What is being asked:
The records below are to be copied word for word, with every picture left out.

Image-backed grounding data

◆ ◆ ◆ ◆

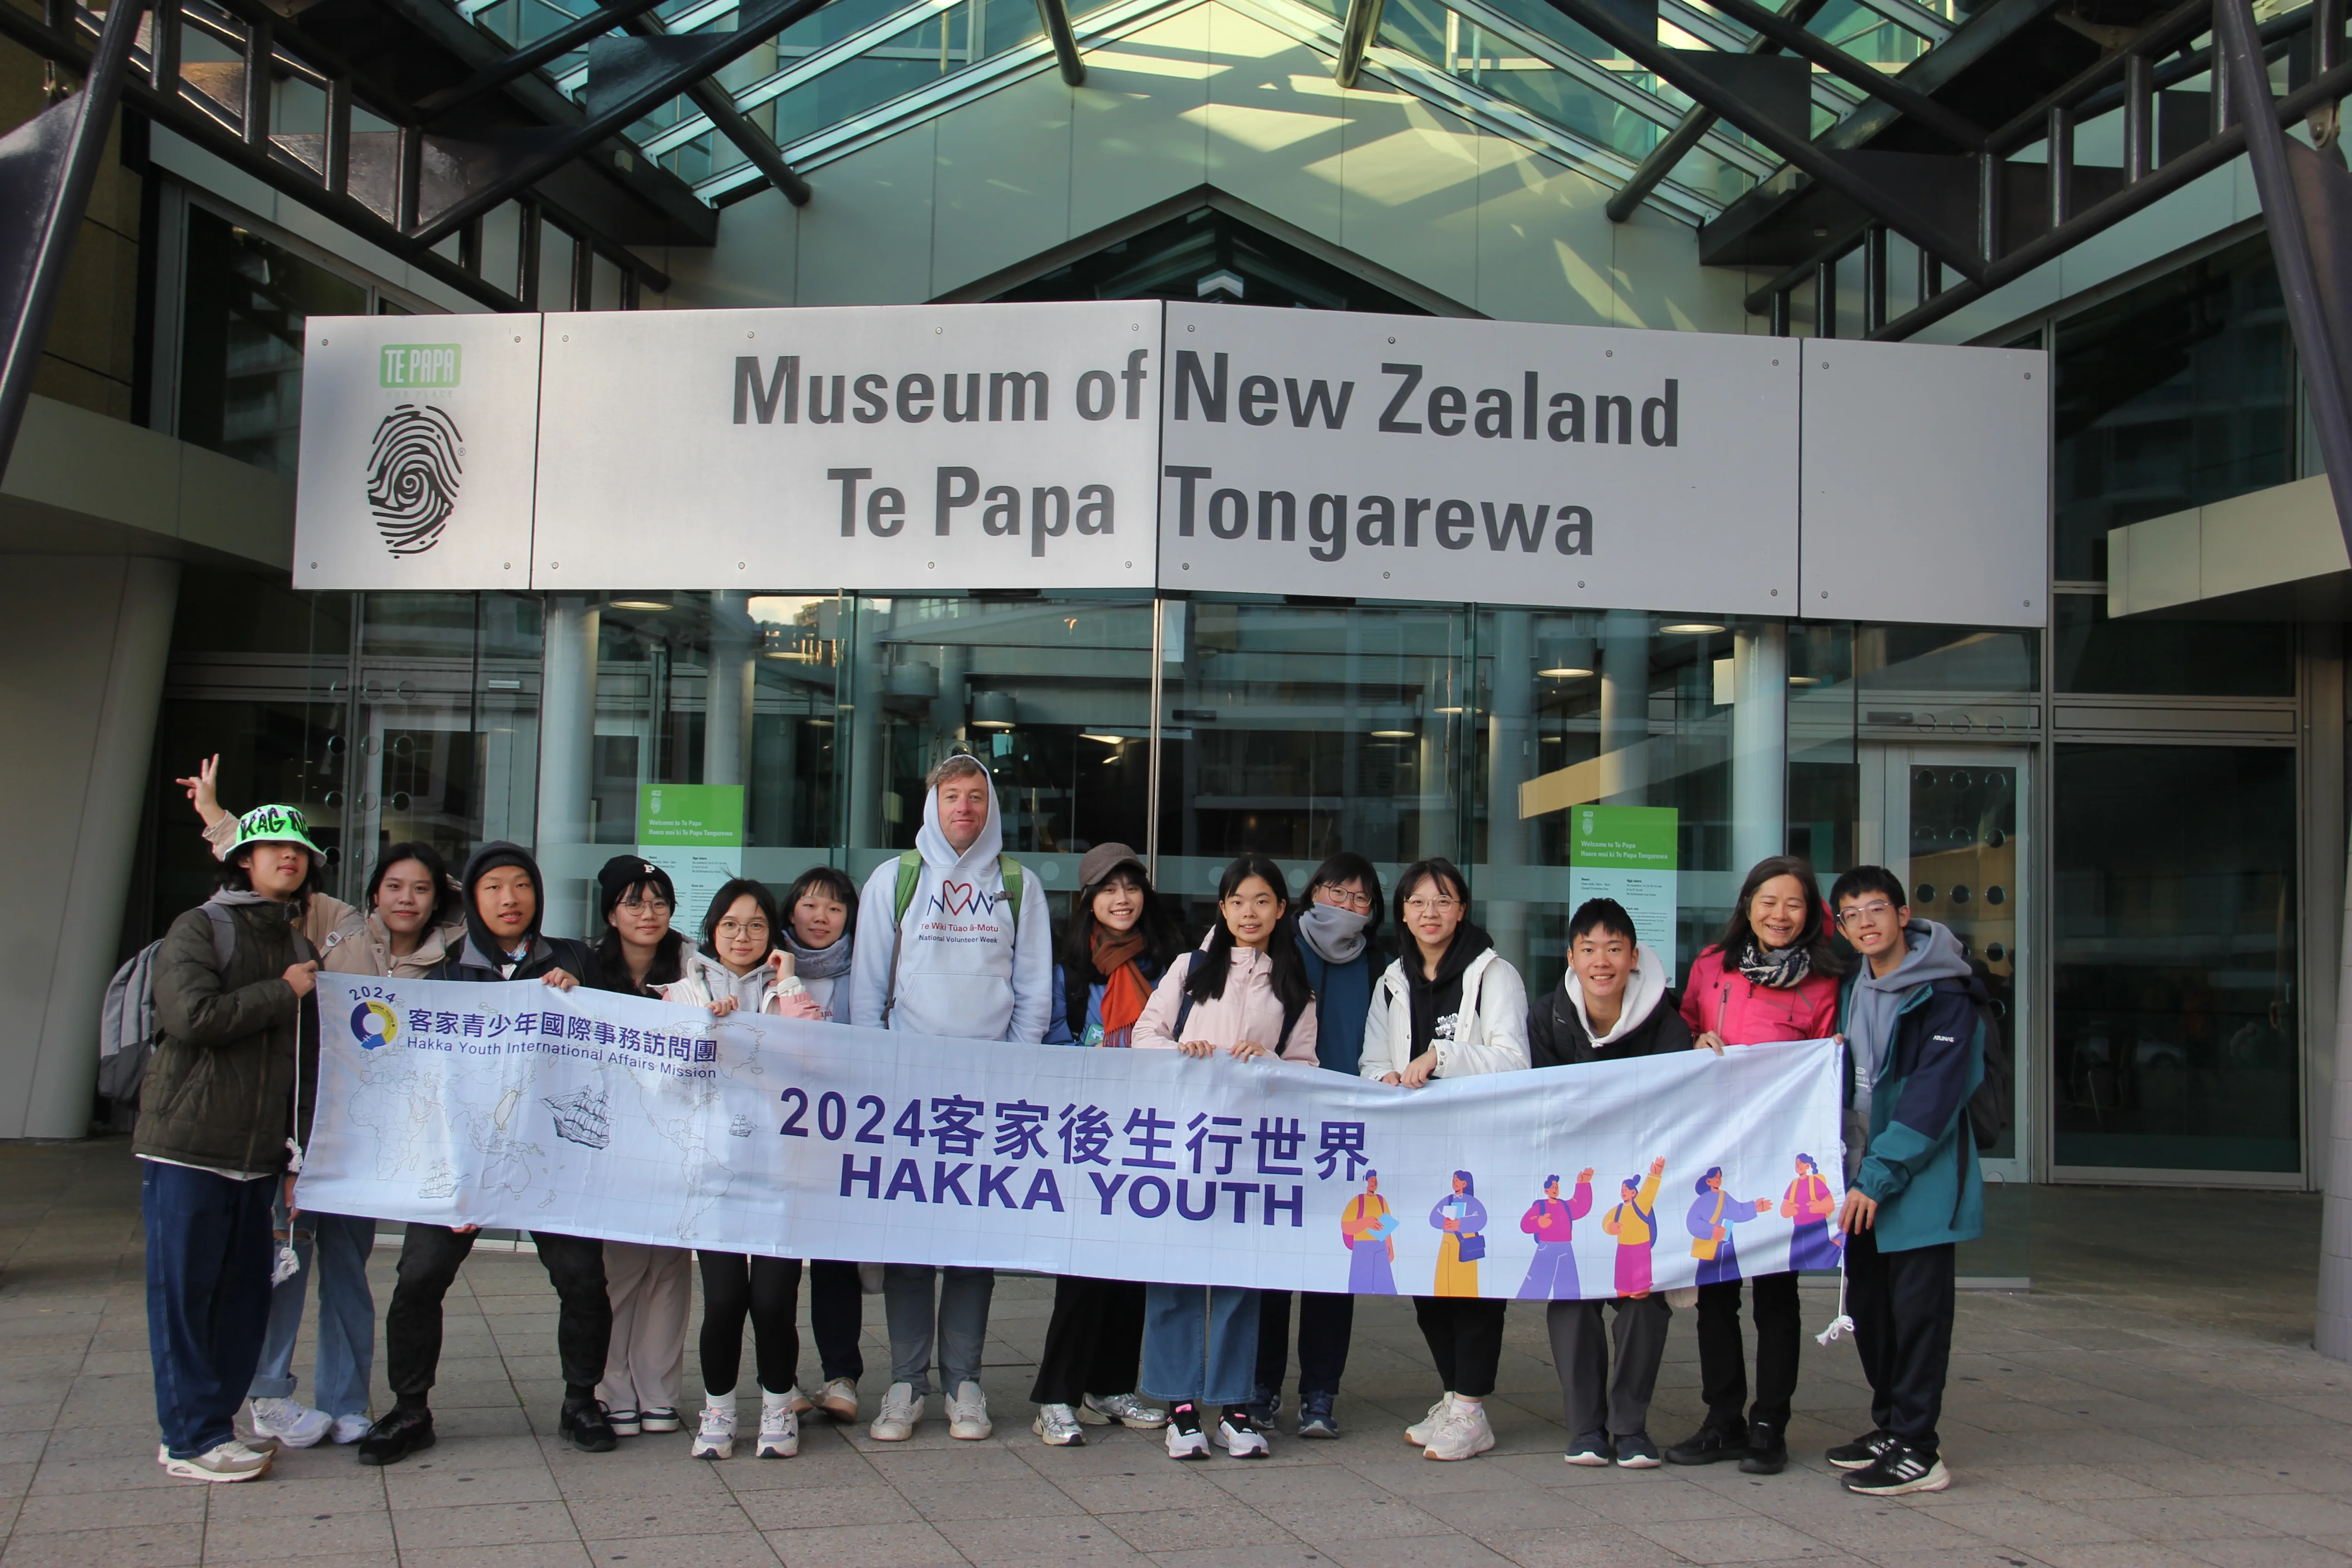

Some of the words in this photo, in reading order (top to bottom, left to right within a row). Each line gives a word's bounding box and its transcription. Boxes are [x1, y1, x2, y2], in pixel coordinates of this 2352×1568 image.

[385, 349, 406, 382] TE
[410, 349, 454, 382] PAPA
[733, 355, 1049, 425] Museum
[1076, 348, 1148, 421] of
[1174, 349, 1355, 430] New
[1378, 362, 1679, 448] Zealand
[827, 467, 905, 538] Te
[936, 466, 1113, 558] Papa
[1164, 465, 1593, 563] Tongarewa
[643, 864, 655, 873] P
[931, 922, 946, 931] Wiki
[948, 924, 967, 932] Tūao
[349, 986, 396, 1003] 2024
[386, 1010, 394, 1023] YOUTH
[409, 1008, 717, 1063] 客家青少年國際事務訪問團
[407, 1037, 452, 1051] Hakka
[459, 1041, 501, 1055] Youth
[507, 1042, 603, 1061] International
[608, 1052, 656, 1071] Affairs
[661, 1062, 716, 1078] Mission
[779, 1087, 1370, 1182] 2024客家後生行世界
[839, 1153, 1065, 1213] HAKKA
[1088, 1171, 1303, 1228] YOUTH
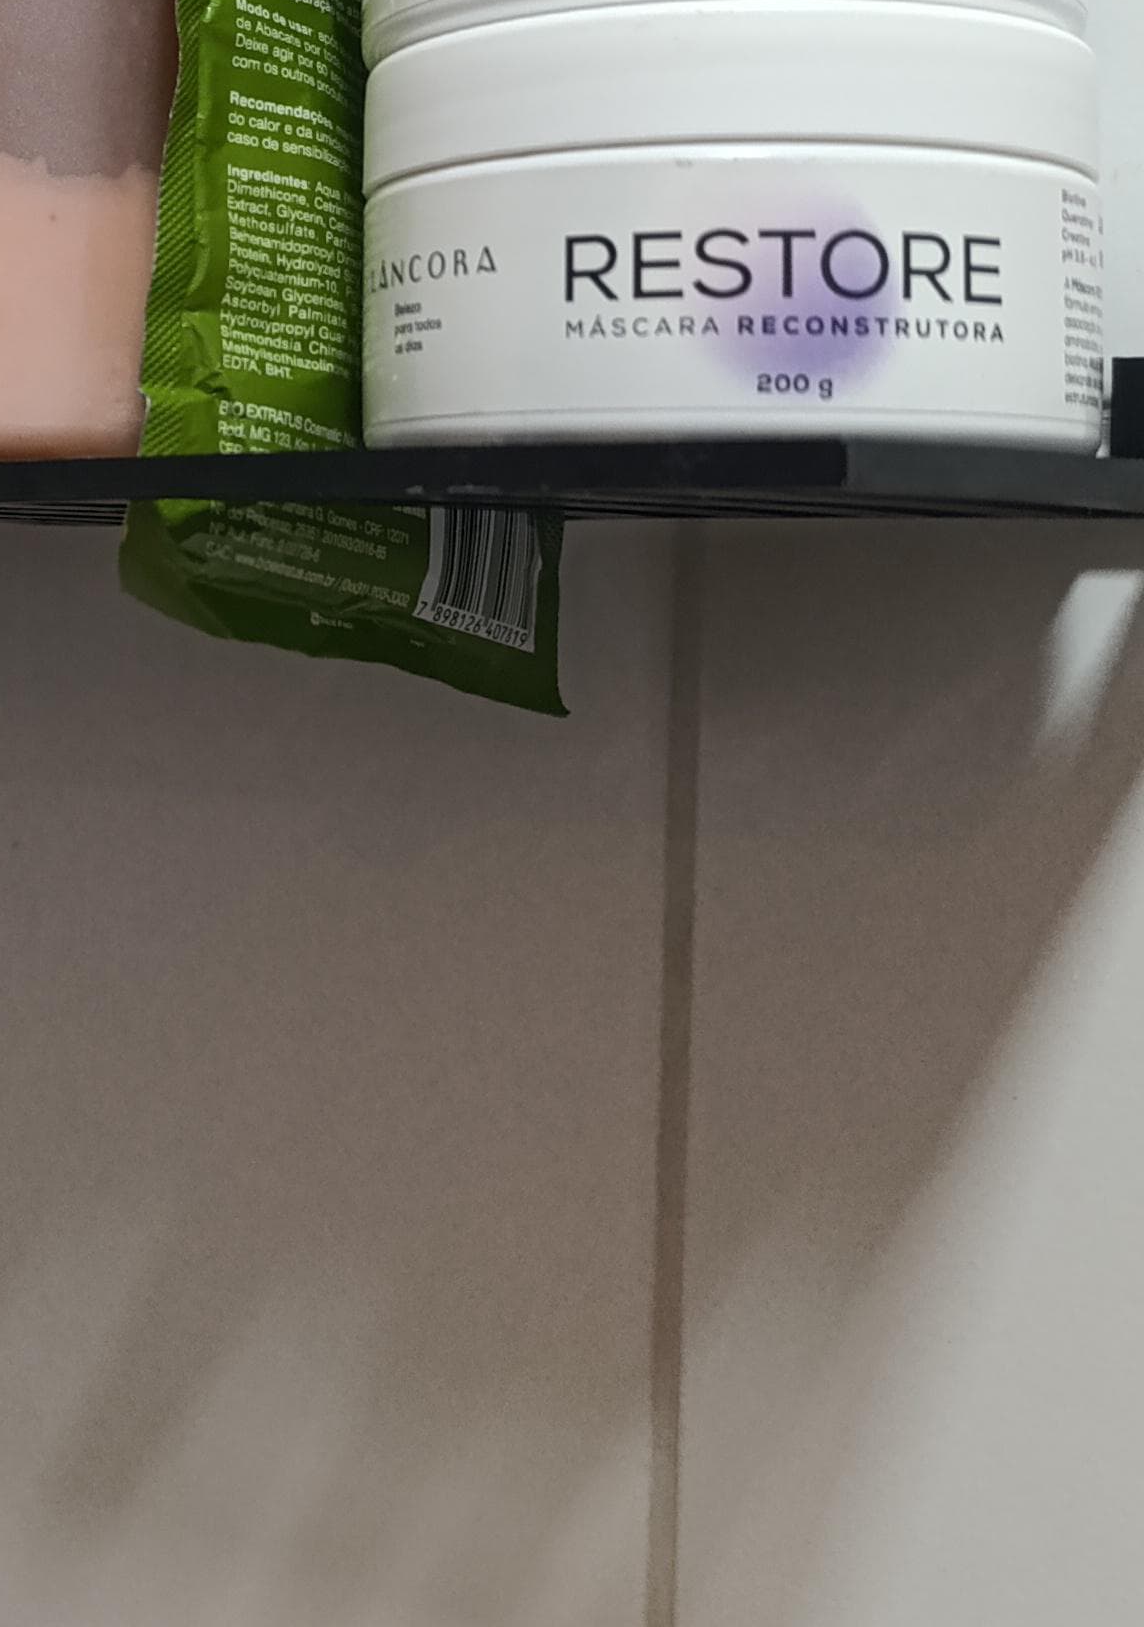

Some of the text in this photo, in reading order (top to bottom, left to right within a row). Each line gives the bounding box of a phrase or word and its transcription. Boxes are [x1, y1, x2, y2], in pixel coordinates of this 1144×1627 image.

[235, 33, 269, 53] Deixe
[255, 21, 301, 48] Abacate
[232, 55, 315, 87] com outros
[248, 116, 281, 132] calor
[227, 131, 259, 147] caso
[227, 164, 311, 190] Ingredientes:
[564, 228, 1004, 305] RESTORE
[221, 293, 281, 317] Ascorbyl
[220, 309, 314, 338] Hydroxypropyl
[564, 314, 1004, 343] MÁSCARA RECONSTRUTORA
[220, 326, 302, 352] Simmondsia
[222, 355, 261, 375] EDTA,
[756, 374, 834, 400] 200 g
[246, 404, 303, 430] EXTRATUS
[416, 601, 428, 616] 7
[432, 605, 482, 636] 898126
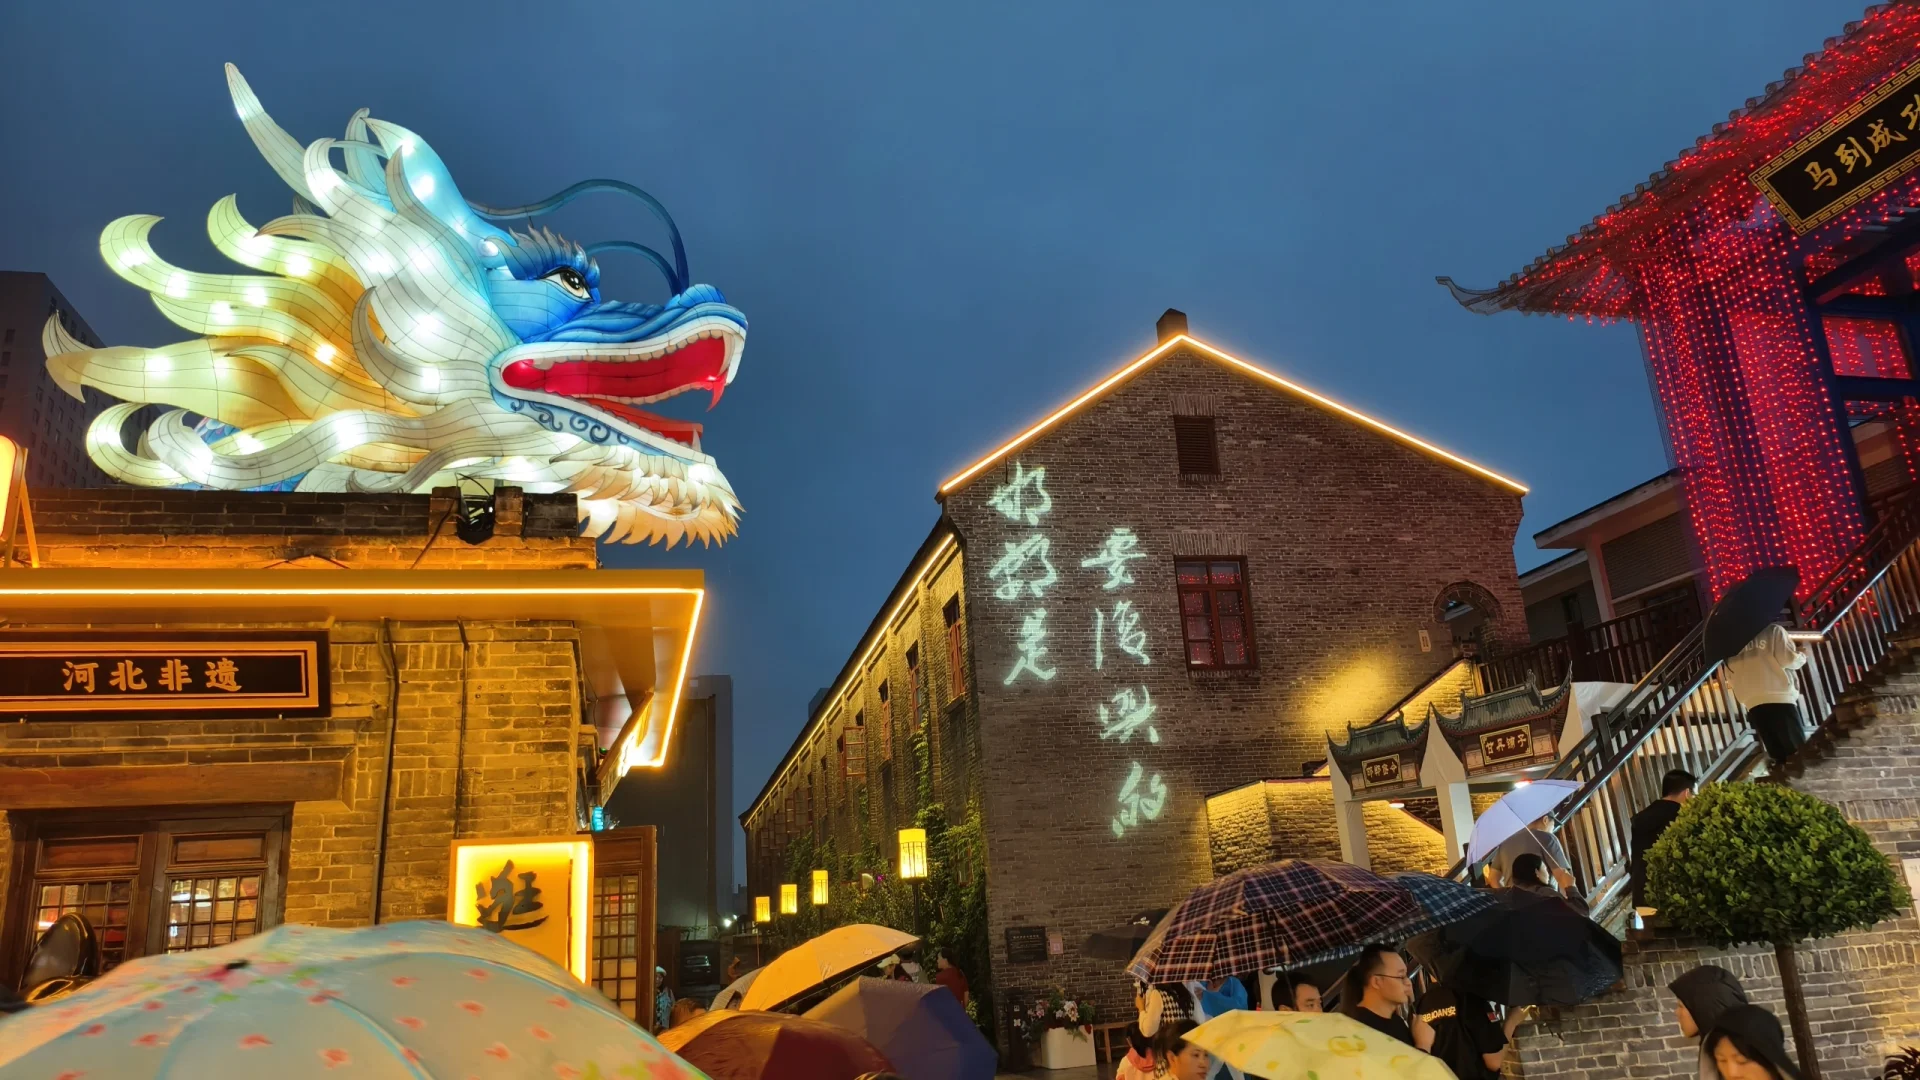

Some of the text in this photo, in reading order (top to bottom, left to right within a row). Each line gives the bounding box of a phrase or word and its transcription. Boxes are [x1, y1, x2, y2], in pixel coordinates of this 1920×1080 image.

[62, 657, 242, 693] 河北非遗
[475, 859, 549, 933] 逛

◆ ◆ ◆ ◆

Answer section:
Some of the words in this photo, in reading order (top to bottom, left to right within a row). Each line gives a word's bounding box and its transcription. Boxes are [x1, y1, x2, y2], in pixel coordinates of this 2352×1568 image.

[385, 349, 406, 382] TE
[410, 349, 454, 382] PAPA
[733, 355, 1049, 425] Museum
[1076, 348, 1148, 421] of
[1174, 349, 1355, 430] New
[1378, 362, 1679, 448] Zealand
[827, 467, 905, 538] Te
[936, 466, 1113, 558] Papa
[1164, 465, 1593, 563] Tongarewa
[643, 864, 655, 873] P
[931, 922, 946, 931] Wiki
[948, 924, 967, 932] Tūao
[349, 986, 396, 1003] 2024
[386, 1010, 394, 1023] YOUTH
[409, 1008, 717, 1063] 客家青少年國際事務訪問團
[407, 1037, 452, 1051] Hakka
[459, 1041, 501, 1055] Youth
[507, 1042, 603, 1061] International
[608, 1052, 656, 1071] Affairs
[661, 1062, 716, 1078] Mission
[779, 1087, 1370, 1182] 2024客家後生行世界
[839, 1153, 1065, 1213] HAKKA
[1088, 1171, 1303, 1228] YOUTH

Some of the text in this photo, in reading order (top to bottom, left to right within a row). Each line gives the bounding box of a phrase or word and its transcription. Boxes are [x1, y1, x2, y2], in pixel coordinates of this 1144×1627 image.

[235, 33, 269, 53] Deixe
[255, 21, 301, 48] Abacate
[232, 55, 315, 87] com outros
[248, 116, 281, 132] calor
[227, 131, 259, 147] caso
[227, 164, 311, 190] Ingredientes:
[564, 228, 1004, 305] RESTORE
[221, 293, 281, 317] Ascorbyl
[220, 309, 314, 338] Hydroxypropyl
[564, 314, 1004, 343] MÁSCARA RECONSTRUTORA
[220, 326, 302, 352] Simmondsia
[222, 355, 261, 375] EDTA,
[756, 374, 834, 400] 200 g
[246, 404, 303, 430] EXTRATUS
[416, 601, 428, 616] 7
[432, 605, 482, 636] 898126

Some of the text in this photo, in reading order (top to bottom, left to right within a row). Each line gives the bounding box of a phrase or word and its transcription. Boxes are [x1, y1, x2, y2], in pixel coordinates of this 1920×1080 image.

[62, 657, 242, 693] 河北非遗
[475, 859, 549, 933] 逛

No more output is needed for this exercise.